This is all that really matters to the user of real time applications of it (they don't care about frame buffer contents, they care about monitor output).

We have indication that the data is the same...see my prior post.

We have no reason to assume the math isn't the same (AFAICS the Quincunx blur filter actually uses more math than simple 2x AA...so why assume less couldn't be done)...again, see my prior post.

So why are you calling him "thick headed" for addressing your assertion that poor 2x AA (compared to the R300) disqualifies it as AA? Perhaps the name calling could wait a bit, and you could provide your justification for your assumptions besides repeating the ones I've addressed repeatedly now?

Your justification for this is that 3dfx post filter resulted in so much improved quality compared to direct unprocessed frame buffer grabbing, that the difference was clear to reviewers. At the same time you keep insisting that a post filter method of AA is some sort of cheat, simply because either the difference is not as apparent as the case of the 3dfx post filter, or that Quincunx uses the post filter to reduce texture quality. With absolutely no qualms about the contradiction that the only basis for this assumption is that it is using a post filter, so therefore it can only be one or the other of what was done before...

You have evidence of a post filter increasing image quality, and evidence of a post filter reducing image quality, therefore based on this evidence, post filters can't do AA. As I've pointed out, I don't get where you are getting that conclusion from. Please enlighten me.

You keep using the term "blur" and "cheat" in combination with "2x AA" as if Quincunx using the post filter for a blur is the only mathematical operation a post filter can do, when you have provided absolutely no basis for that belief at this time.

If you simply repeat that the difference between 2x AA and partial buffer data isn't as marked as the difference between the post filter 3dfx used and partial buffer data, I'm just going to end up assuming you don't want to put any thought into this. So, please respond in some other way, and hopefully one that makes sense, and hopefully acknowledges that math has more bearing on this discussion that where the math is done.
 
Thx Demalion! :)

In any case, now that the corrected pics are up I think it's pretty undisputed that the NV30 does proper 2xMSAA, so I'll go ahead and consider the main thread of this discussion over.

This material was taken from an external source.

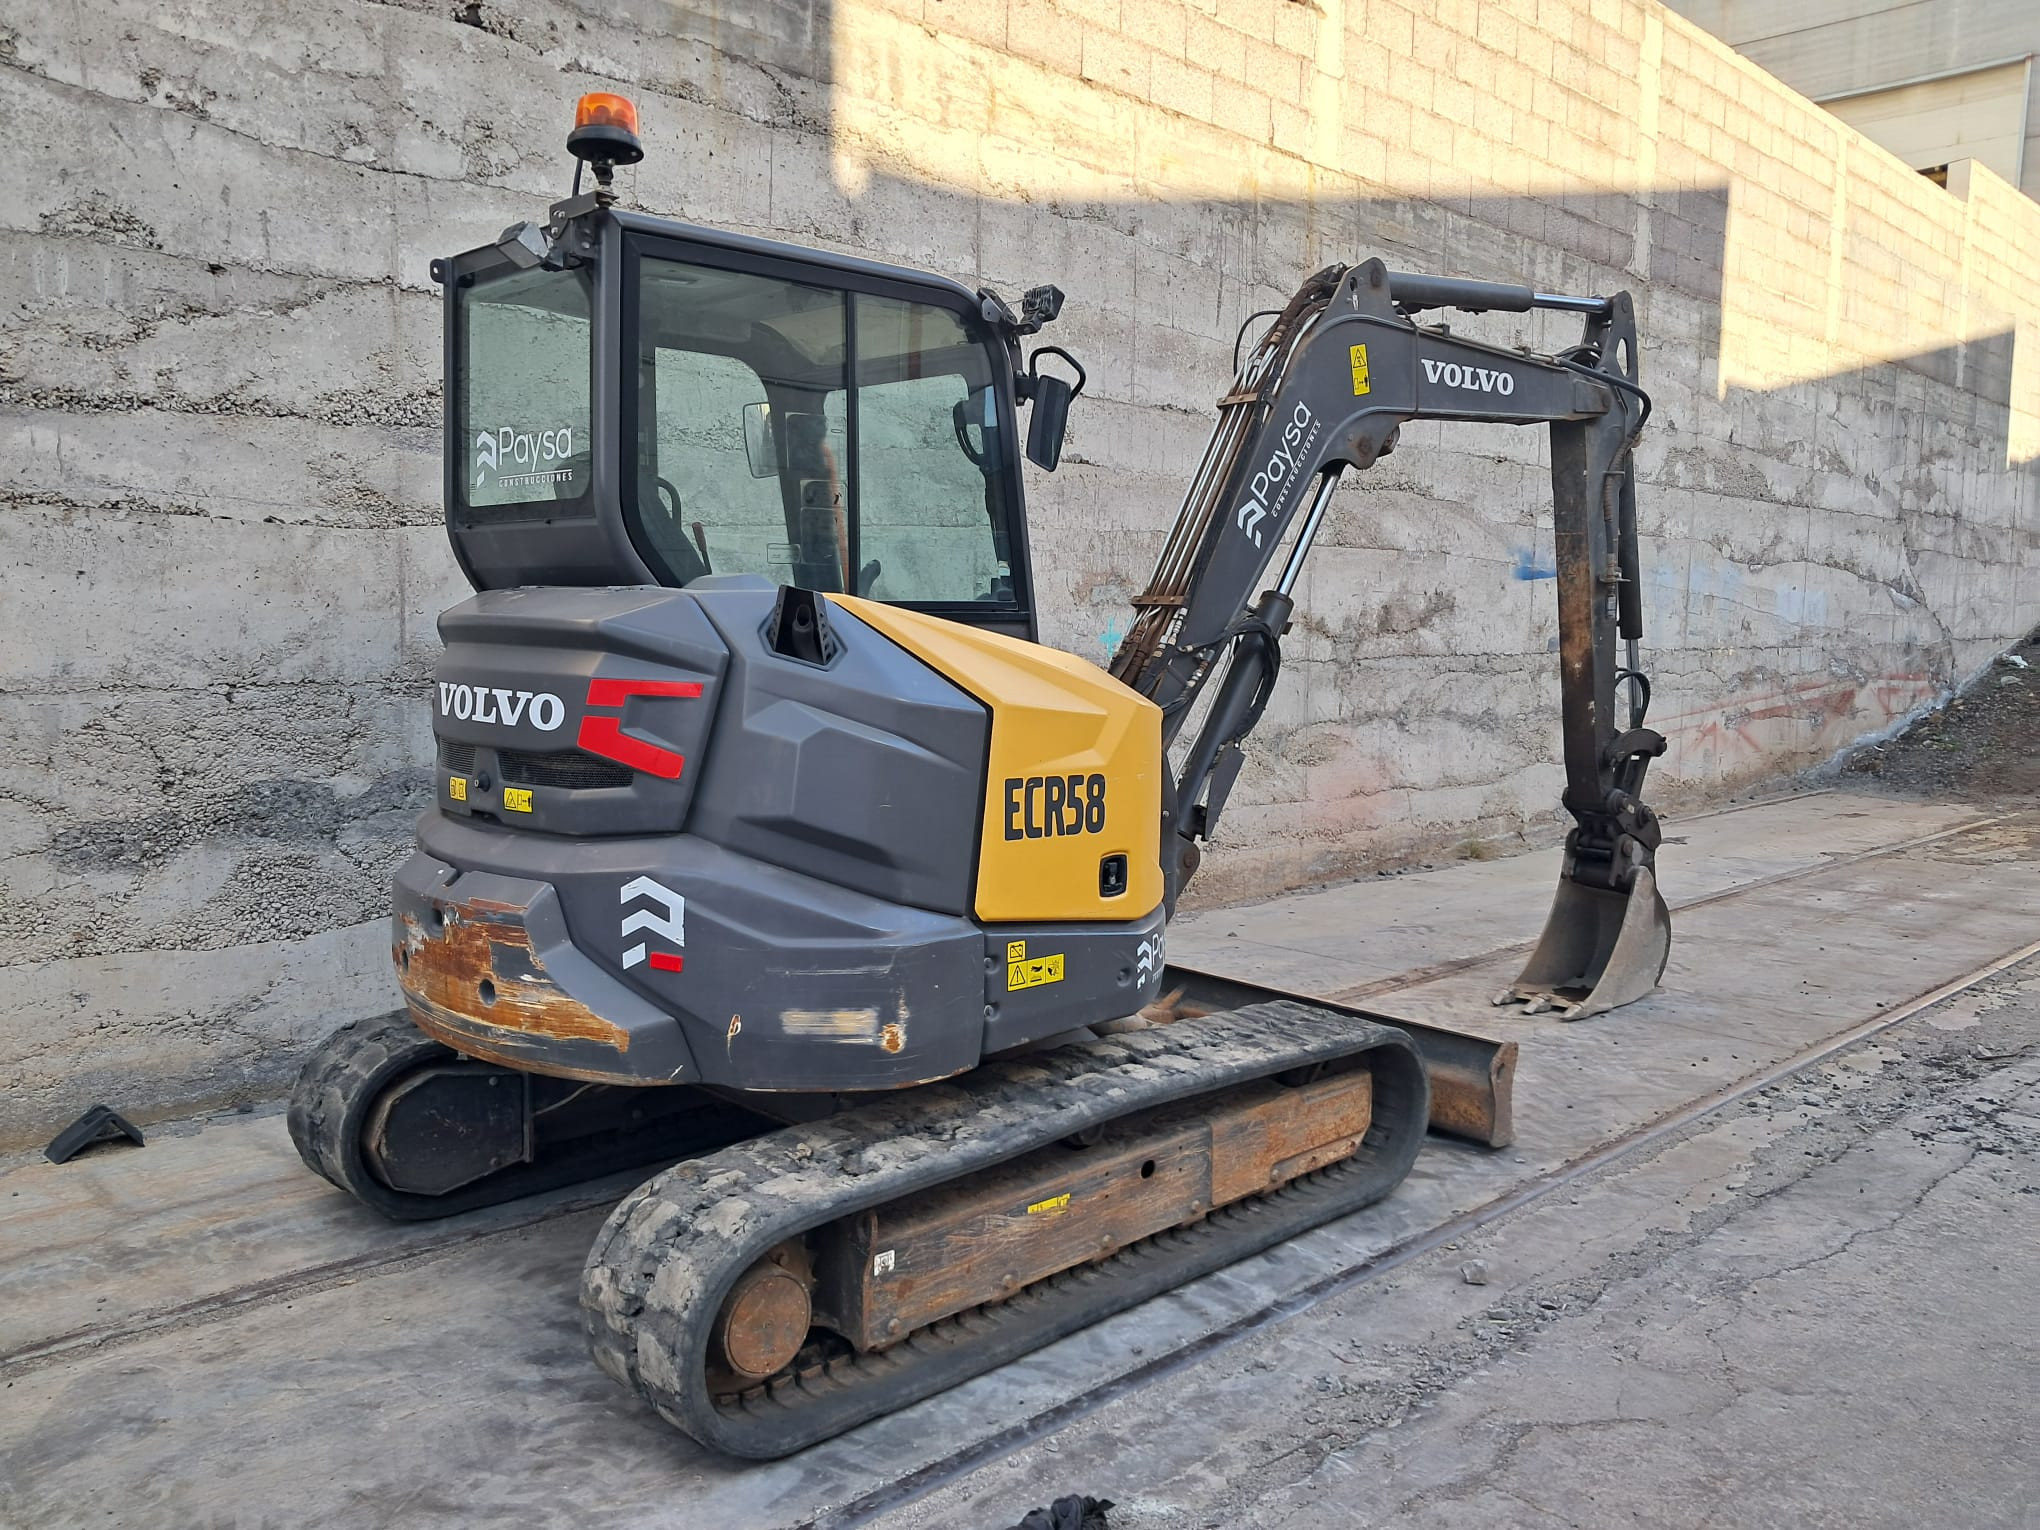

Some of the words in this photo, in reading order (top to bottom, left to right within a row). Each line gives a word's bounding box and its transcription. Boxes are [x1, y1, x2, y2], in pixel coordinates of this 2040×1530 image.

To clean up a couple loose ends:

Why would 4xMSAA also suffer from the larger framebuffer footprint? Perhaps three of the four samples are blended in the framebuffer, and the fourth is blended in the post filter. This seems very reasonable to me--on the one hand, its doubtful the post filter could easily blend all four samples, on the other, if you've already got the functionality, why not use it? The evidence against this theory is that Nvidia itself doesn't seem to be claiming that on-screen 4xMSAA quality is any different from what's in the screenshots. Then again, considering Nvidia seems to be channelling all their website relations through the world's most idiotic PR hacks, it's possible they've got it wrong.

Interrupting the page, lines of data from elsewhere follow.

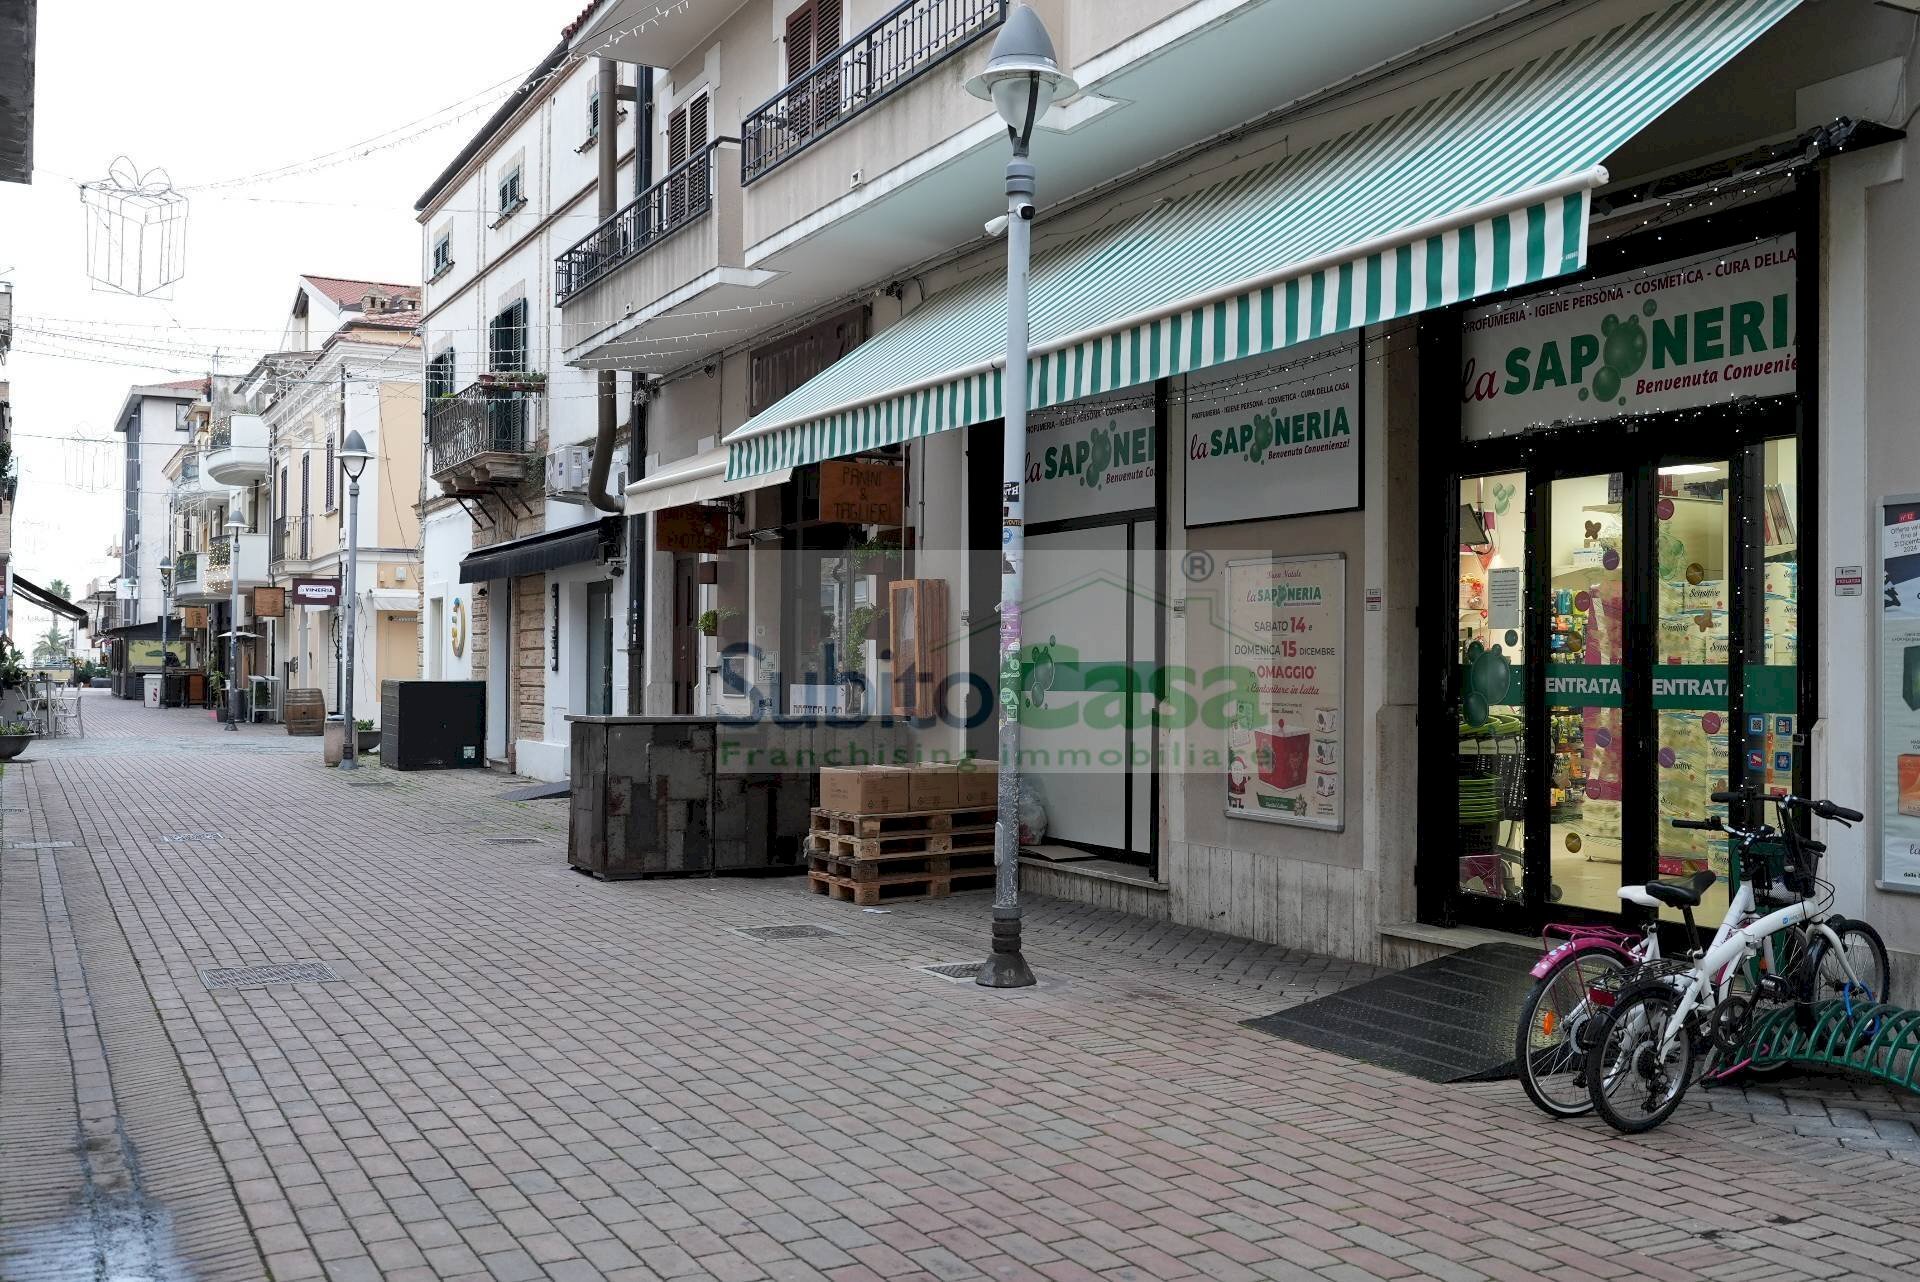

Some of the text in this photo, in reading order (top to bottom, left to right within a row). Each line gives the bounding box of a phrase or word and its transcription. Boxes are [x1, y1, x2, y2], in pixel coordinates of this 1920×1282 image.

[1464, 310, 1526, 334] PROFUMERIA
[1535, 302, 1570, 318] IGIENE
[1573, 288, 1624, 310] PERSONA
[1633, 269, 1704, 296] COSMETICA
[1715, 258, 1750, 278] CURA
[1754, 248, 1796, 269] DELLA
[1462, 292, 1796, 404] la SAPONERI
[1635, 369, 1718, 396] Benvenuta
[1191, 408, 1221, 420] PROFUMERIA
[1240, 399, 1264, 411] PERSONA
[1267, 393, 1297, 405] COSMETICA
[1300, 389, 1316, 399] CURA
[1316, 385, 1334, 396] DELLA
[1334, 382, 1350, 392] CASA
[1190, 406, 1351, 461] la SAPONERIA
[1267, 438, 1351, 460] Benvenuta Convenienza!
[842, 466, 882, 488] PANINI
[1105, 470, 1144, 485] Benvenuta
[832, 502, 892, 522] TAGLIERI
[1257, 585, 1322, 603] SAPONERIA
[1689, 585, 1721, 599] Sensitive
[1254, 620, 1289, 632] SABATO
[1290, 616, 1306, 633] 14
[1234, 640, 1336, 658] DOMENICA 15 DICEMBRE
[1545, 677, 1622, 695] ENTRATA

As for the assertion that all the websites immediately recognized that Voodoo3's 22-bit post-filter was the real deal, Walt, your memory is as foggy as your eyesight. (You seem to be getting old! ;) ) The majority pronounced it an outright sham, PR trickery, something completely impossible. Read Kristof's series of articles investigating the 22-bit claim to see how the best and most technical site handled the issue; you'll also catch plenty of references to how poorly the rest of the web did.
 
For color compression to work (currently...), the same size frame buffer (for back buffers) is needed as if you were supersampling, or atleast that is my understanding. The memory footprint represented for the GF FX may be no more than that, and I don't recall any sudden performance hitsfor the GF FX not reflected on the 9700 that wouldn't be explained by the use of supersampling (and therefore the breakdown of the color compression) but instead would indicate the front buffer was larger size. Maybe I have to go back and look at the benchmarks again...

I'm not sure how the color compression works in the details...but perhaps there is an explanation in the forums somewhere...hmm. I'd guess the simplest implementation would be a 1 bit mask for each pixel for "all values duplicate"/"all values distinct", cached for 64 bit burst writing, but it's probably something more effective.
Something is tickling my mind, like some ATI person either gave a hint about this or was asked and infuriatingly didn't give a hint... :-? :)arrow: off to do a search).
 
Demalion-

You're right; the apparent memory footprint difference in that benchmark is probably due to NV30's different method of color compression from R300. Or something else. In any case, thinking about it I'm not sure it matters where you blend the sub-pixel samples (i.e. in framebuffer or post-framebuffer) w.r.t. total memory footprint.
 
I only meant that the GF FX using the RAMDAC for AA processing required a larger front buffer (i.e., same size as the back buffer) for the RAMDAC to sample from.

I.e., for other cards (like the 9700), for 2xAA you'd have 2x the RAM taken up for backbuffers (what was rendered to). However, they'd only need 1x the RAM for the front buffer (as they perform their AA blend by copying it to the front buffer).

For the RAMDAC to perform the blend, the front buffer allocation size would still have to be 2x, trading an additional 1x RAM storage of the front buffer for circumventing the bandwidth/latency cost of an additional 1x RAM write + 1x RAM read:

blend AA = blend + ramdac
blend = 2x read (from back buffer) + 1x write (to front buffer) + latency effect of GPU performing blend (assumes GPU could be writing something else instead)
ramdac = 1x read (from front buffer)
storage = 1x RAM used (for front buffer)

postfilter AA = ramdac
ramdac = 2x read (from front buffer)
storage = 2x RAM used (for front buffer)

Difference between blend and postfilter AA:

blend AA - postfilter AA = 1x write + 1x read + latency effect of GPU performing blend - 1x RAM used


This (the memory cost of n-1*number of pixels*depth bits) seems the likely reason why the GF FX is limited to 2x "post filter" blend...atleast on the 128MB cards.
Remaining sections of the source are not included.